> [WHAT TO DO]
Without the pictures, return each record as it appears.

════

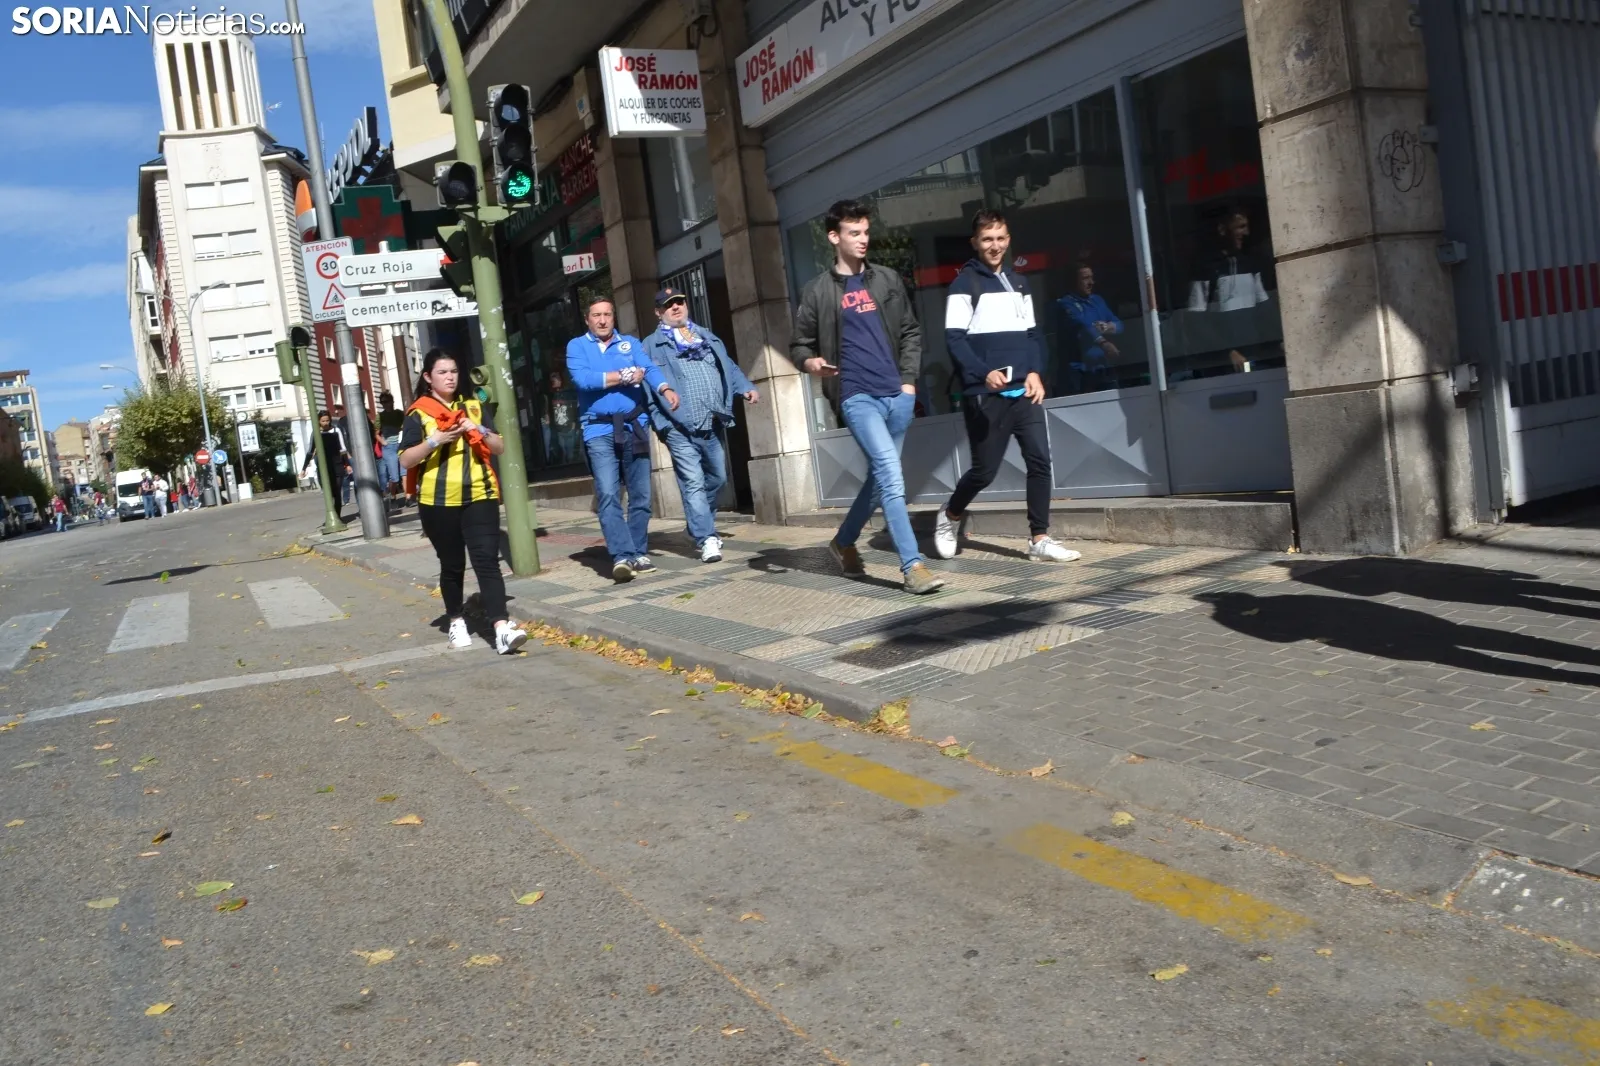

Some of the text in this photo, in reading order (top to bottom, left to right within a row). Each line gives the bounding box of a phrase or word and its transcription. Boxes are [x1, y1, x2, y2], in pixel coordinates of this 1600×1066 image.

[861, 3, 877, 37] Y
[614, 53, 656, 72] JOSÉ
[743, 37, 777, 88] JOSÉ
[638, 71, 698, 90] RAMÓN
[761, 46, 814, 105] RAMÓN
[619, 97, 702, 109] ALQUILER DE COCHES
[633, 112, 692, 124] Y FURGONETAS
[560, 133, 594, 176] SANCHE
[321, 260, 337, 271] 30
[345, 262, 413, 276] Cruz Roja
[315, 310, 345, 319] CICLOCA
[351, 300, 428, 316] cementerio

════

> [YOUR RESPONSE]
Some of the text in this photo, in reading order (top to bottom, left to right within a row). Each line gives the bounding box of a phrase or word and its transcription. Boxes are [x1, y1, x2, y2], in pixel coordinates of this 1600×1066 image.

[861, 3, 877, 37] Y
[614, 53, 656, 72] JOSÉ
[743, 37, 777, 88] JOSÉ
[638, 71, 698, 90] RAMÓN
[761, 46, 814, 105] RAMÓN
[619, 97, 702, 109] ALQUILER DE COCHES
[633, 112, 692, 124] Y FURGONETAS
[560, 133, 594, 176] SANCHE
[321, 260, 337, 271] 30
[345, 262, 413, 276] Cruz Roja
[315, 310, 345, 319] CICLOCA
[351, 300, 428, 316] cementerio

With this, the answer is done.